A new Technology Skills Passport has been developed by the Australian Technology Network of Universities (ATN). It will help equip workers with the skills they will need in the growing tech sector. This initiative is part of a $5 million election commitment recently announced by the Coalition.
With this new technology skills passport, workers will be able to match their existing skills and experience with the needs of the technology sector and work their way through the academic and professional education sectors. This initiative will build on the tradition of ATN universities to train students to engage and shape the world of work through flexible, adaptive and innovative education.
By 2025, Australia will need nearly 300,000 new tech workers. The country will also need 12,000 university and VET graduates as well as 60,000 more skilled and retrained workers than it is currently preparing. To speed up the process, ATN universities will partner with vocational training providers and the technology industry to co-design, deliver and identify skills, and provide professional support to help people capitalize on their skills.
The Technology Skills Passport will also benefit from ATN’s work with Designing Your Future – a short course that provides workers with a toolkit to solve problems, figure out what they want in a career and take practical steps to achieve their career goals.
The ATN President said the initiative is a response to ATN’s calls for government to partner with academia and industry to provide solutions to address the pressing and persistent needs for skills, respond flexibly to emerging needs and create a vision to meet Australia’s challenges and opportunities. He noted that the tripartite partnership between academia, industry and government is key to achieving better outcomes for industry, workers and the economy.
Meanwhile, the ATN Executive Director noted that the coalition is proud to have the opportunity to develop a Technology Skills Passport that draws on the best of ATN universities’ experience in the preparing students for the world of work, offering innovative education options and partnering with industry and vocational education.
Upskilling and Retraining Australians
To deliver on its commitment to make Australia one of the top ten digital and data economies by 2030, the Australian Government launched the Digital Skills Cadetship Trial in late March 2022. The trial will combine internships and apprenticeships on the job with formal training, helping cadets put classroom lessons into practice and match employers with the brightest tech talent.

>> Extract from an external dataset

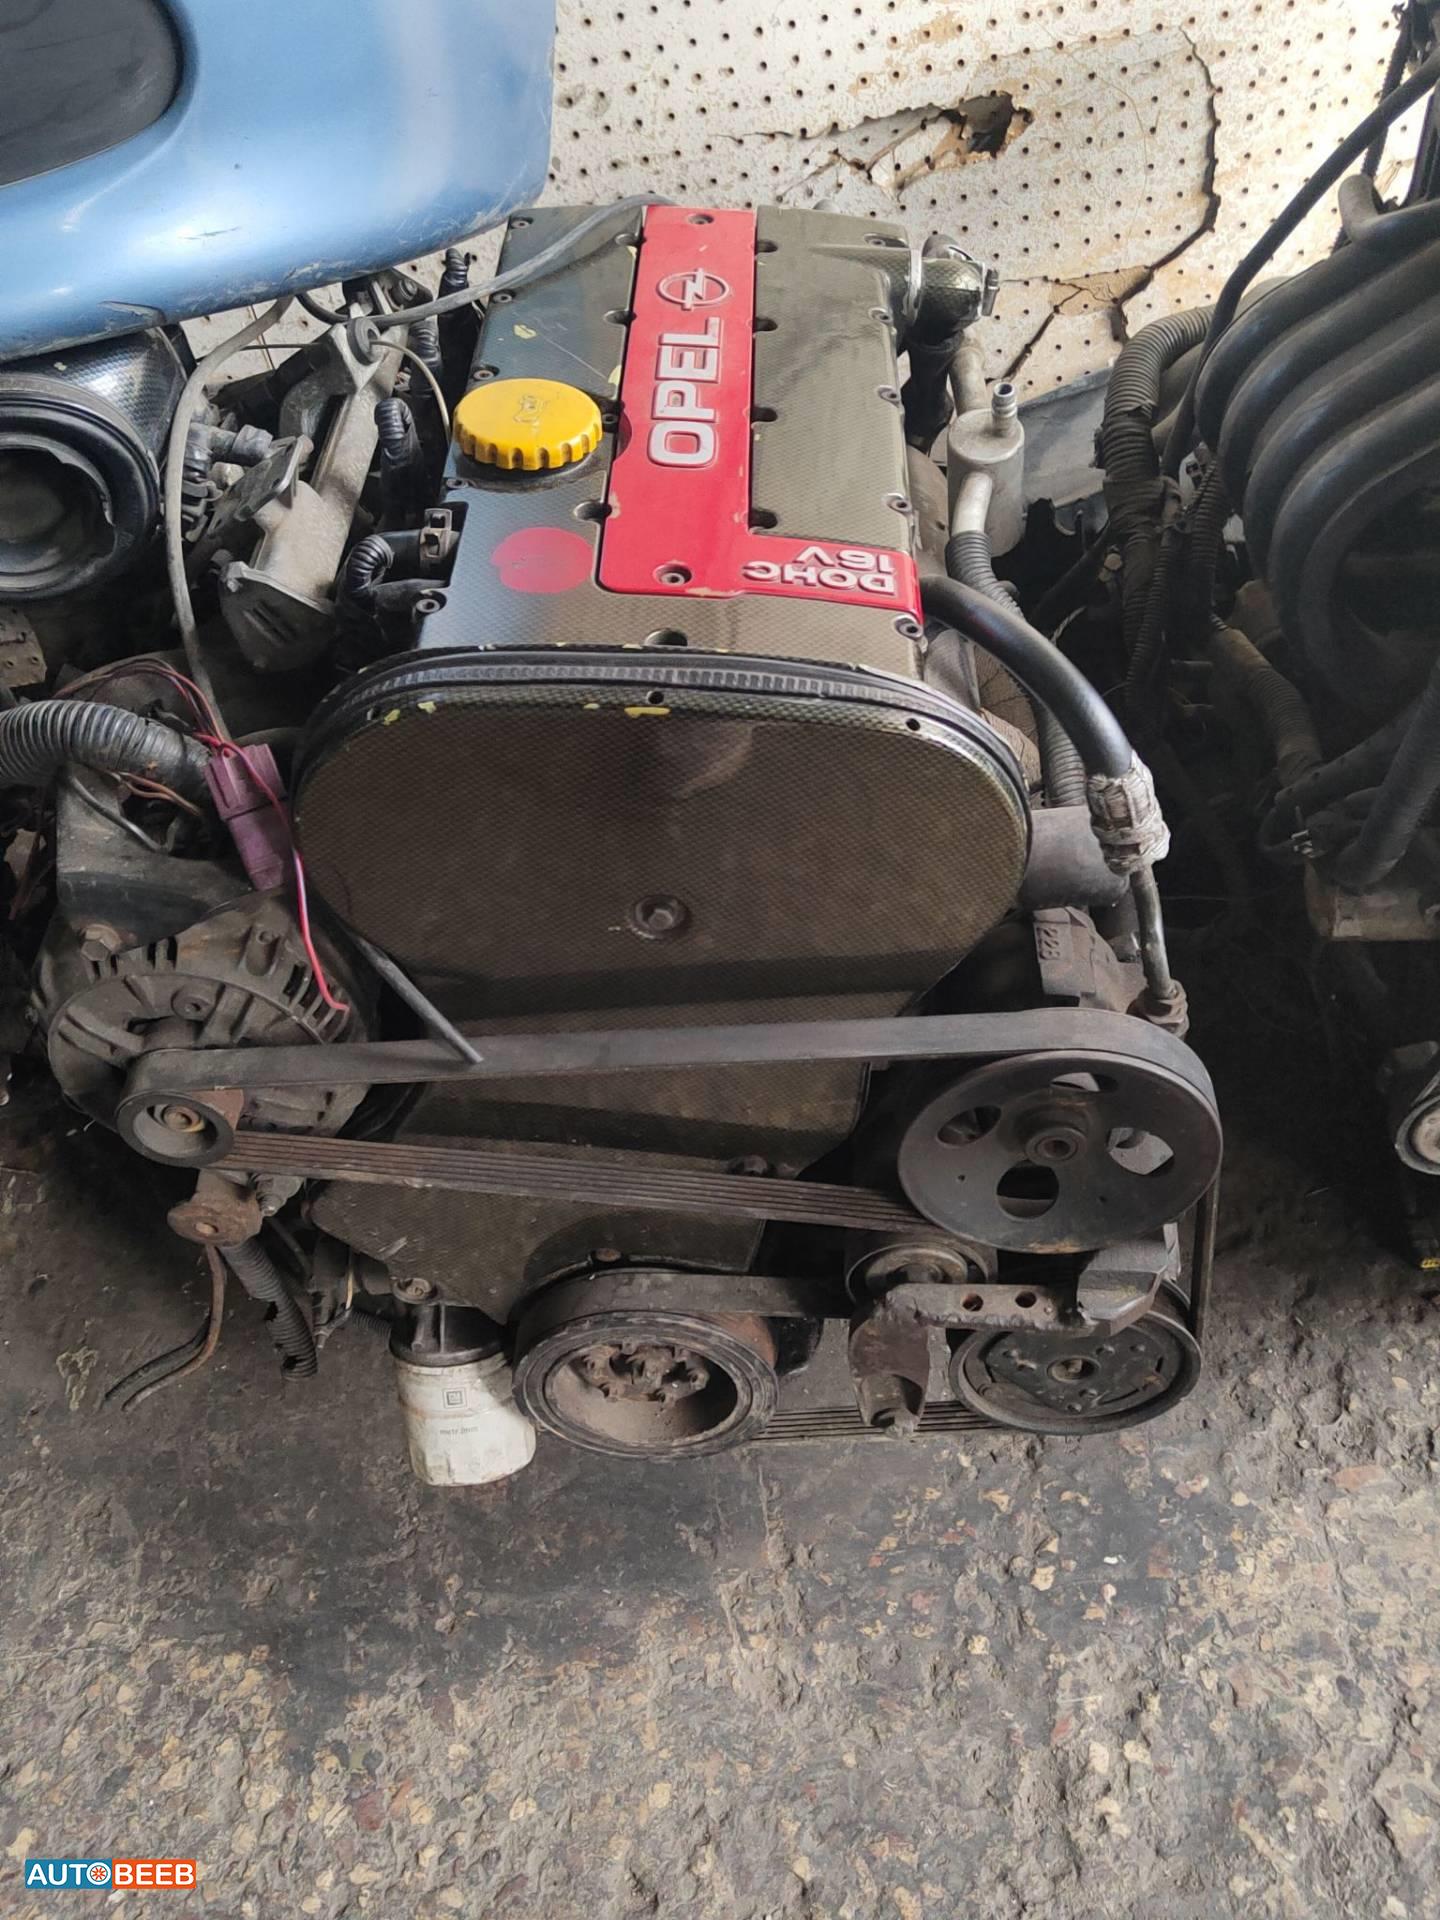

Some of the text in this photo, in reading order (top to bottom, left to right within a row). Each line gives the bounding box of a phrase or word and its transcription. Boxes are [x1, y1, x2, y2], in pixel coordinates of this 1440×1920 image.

[647, 316, 721, 467] OPEL
[793, 546, 895, 573] 16V
[743, 561, 895, 595] DOHC

The trial is expected to focus on growing fields including cybersecurity, cloud computing and data analytics, and target cohorts including those who have been displaced as a result of COVID-19 or who return to the labor market.

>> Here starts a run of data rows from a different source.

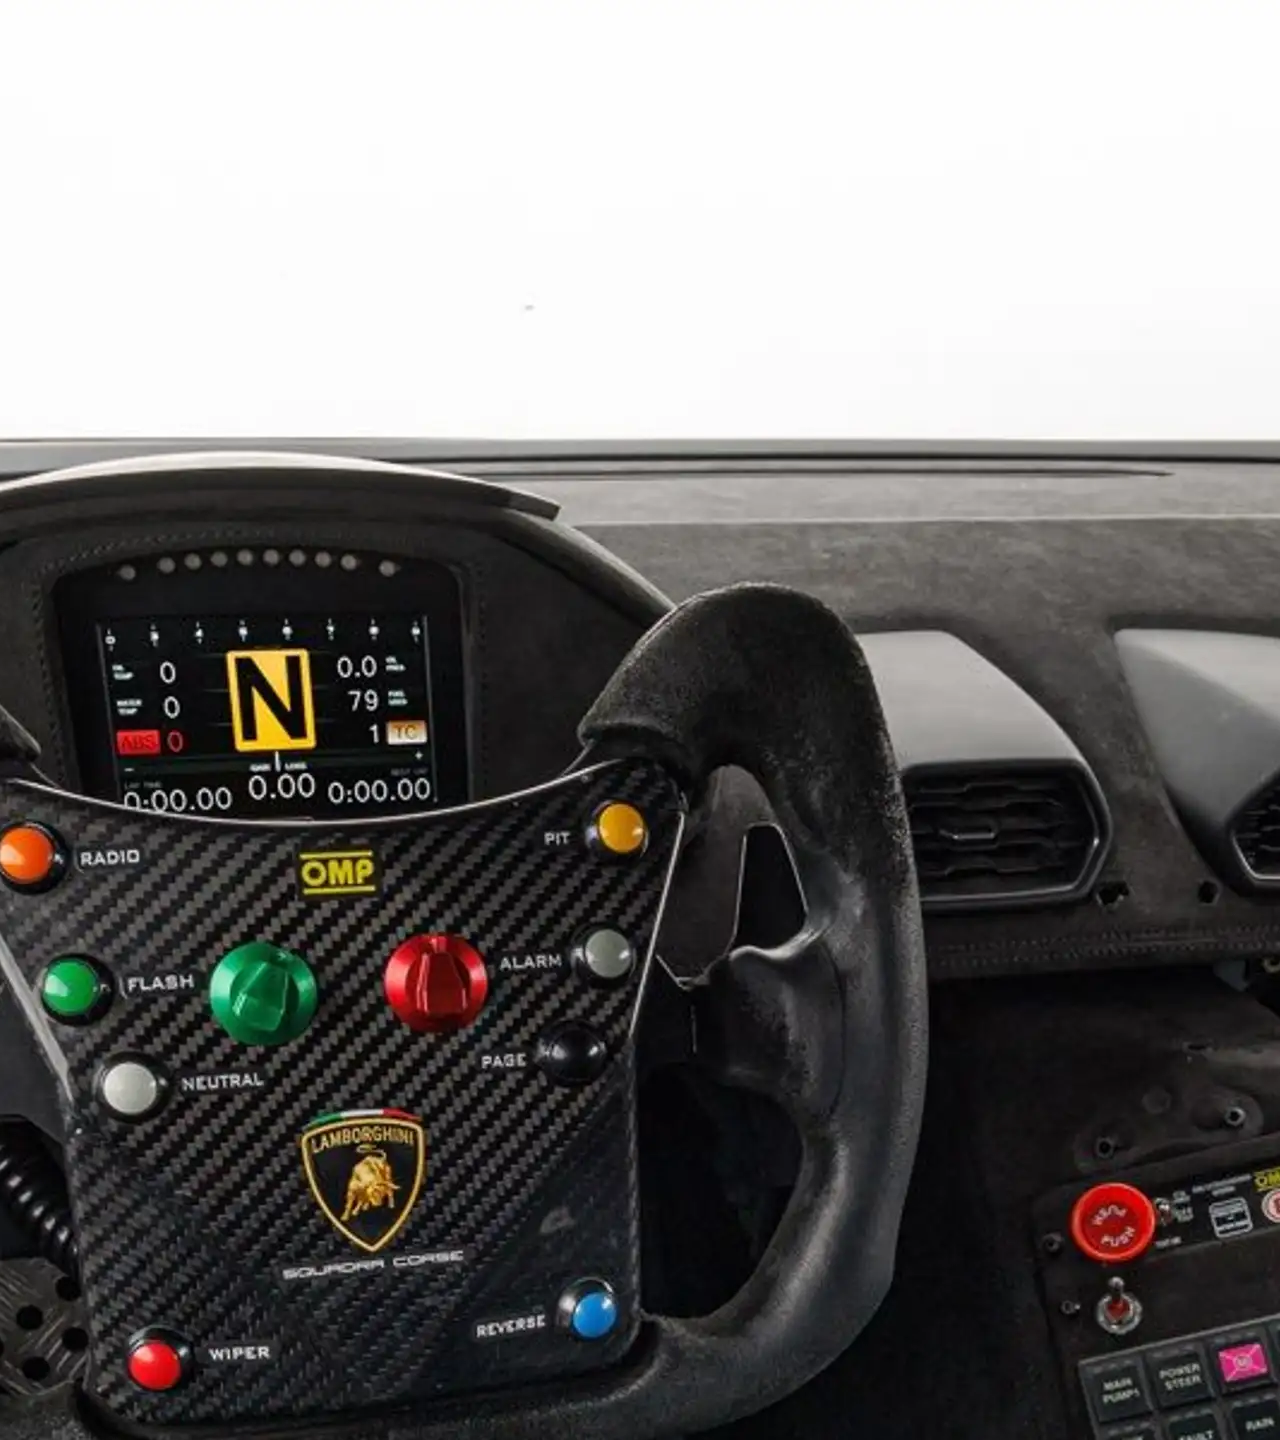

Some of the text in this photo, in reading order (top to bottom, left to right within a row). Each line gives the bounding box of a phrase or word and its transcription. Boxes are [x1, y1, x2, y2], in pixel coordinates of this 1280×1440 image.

[160, 661, 176, 684] 0
[337, 655, 378, 678] 0.0
[164, 696, 181, 719] 0
[234, 656, 308, 741] N
[347, 688, 379, 712] 79
[121, 733, 157, 750] ABS
[166, 730, 183, 753] 0
[369, 723, 380, 744] 1
[392, 723, 419, 741] TC
[248, 772, 316, 801] 0.00
[327, 776, 432, 805] 0:00.00
[124, 786, 233, 812] 0:00.00
[545, 832, 571, 847] PIT
[79, 848, 141, 867] RADIO
[301, 859, 375, 886] OMP
[500, 953, 563, 971] ALARM
[127, 974, 195, 993] FLASH
[481, 1053, 527, 1069] PAGE
[182, 1072, 265, 1092] NEUTRAL
[310, 1126, 416, 1153] LAMBORGHINI
[282, 1250, 465, 1281] SQUADRA CORSE
[476, 1314, 546, 1338] REVERSE
[209, 1344, 271, 1362] WIPER
[1158, 1362, 1202, 1379] POWER
[1102, 1376, 1133, 1392] MAIN
[1163, 1374, 1202, 1392] STEER
[1245, 1416, 1276, 1433] RAIN
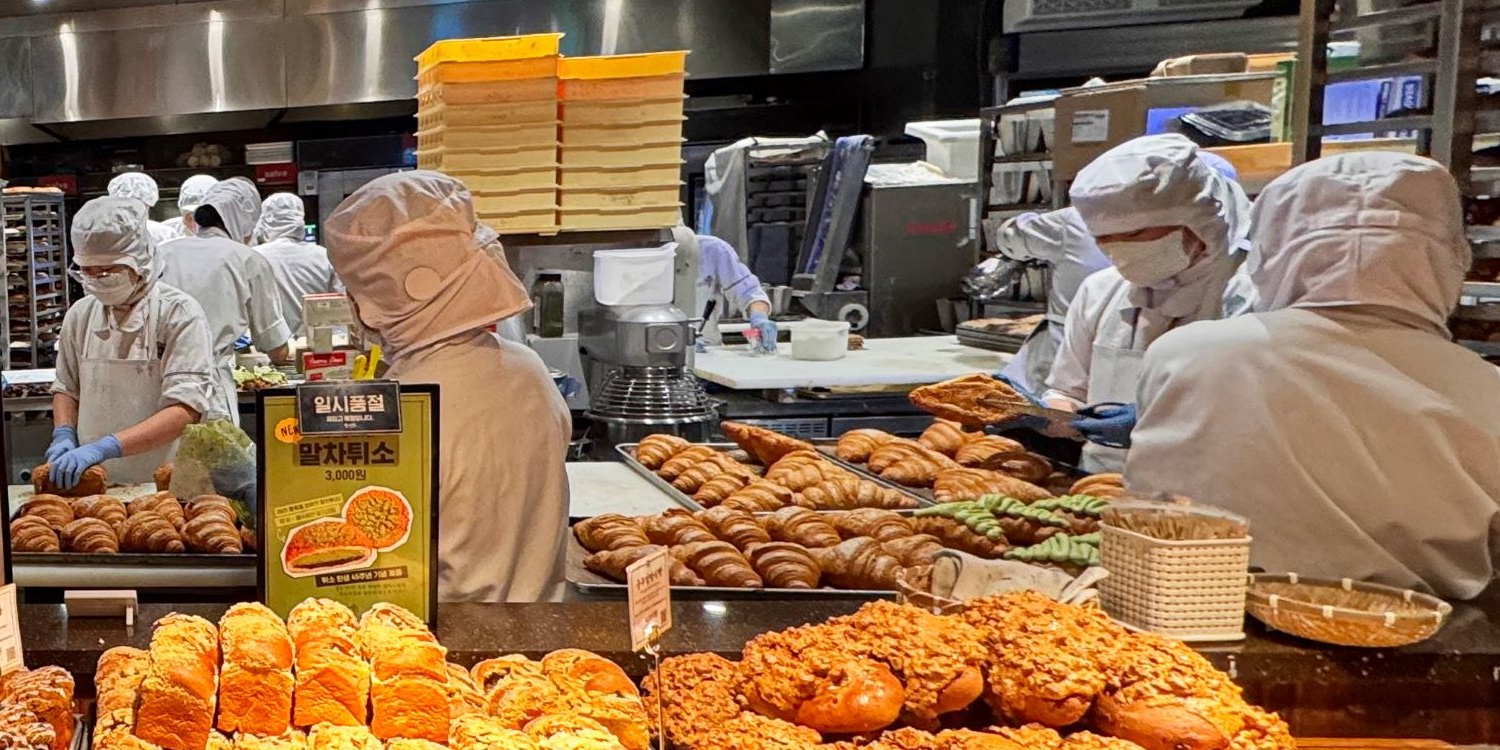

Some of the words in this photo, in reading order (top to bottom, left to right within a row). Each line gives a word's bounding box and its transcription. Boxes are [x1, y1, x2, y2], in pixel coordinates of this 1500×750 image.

[314, 394, 385, 414] 일시품절
[298, 442, 395, 467] 말차튀소
[325, 469, 366, 481] 3,000원

The essay will have a strong focus on supporting women in the tech workforce, including women considering a mid-career change or re-entering the workforce after a hiatus. Each cadet will span four to six months and may include vocational or higher education units, as well as industry training.
The Minister for Jobs, Labour, Skills, Small Business and Family Businesses said the trial is part of building a pipeline of digitally-enabled workers that will provide Australian businesses the skills they need to innovate – and individuals the opportunities to help them succeed.

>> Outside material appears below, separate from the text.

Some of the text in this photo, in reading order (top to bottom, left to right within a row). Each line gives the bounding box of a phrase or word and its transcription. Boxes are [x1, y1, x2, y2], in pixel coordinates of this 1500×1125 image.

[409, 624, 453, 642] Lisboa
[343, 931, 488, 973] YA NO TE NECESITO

The Digital Skills Cadetship Trial will provide $10.7 million to support innovative cadet approaches to digital career paths and to increase the number of Australians with digital skills. The minister noted: “We are investing over $100m in digital talent to future-proof Australia’s economy and the cadets are just one measure – we are funding cyber projects and scholarships in emerging technologies, including the IA, across Australia as part of our National Digital Economy Strategy.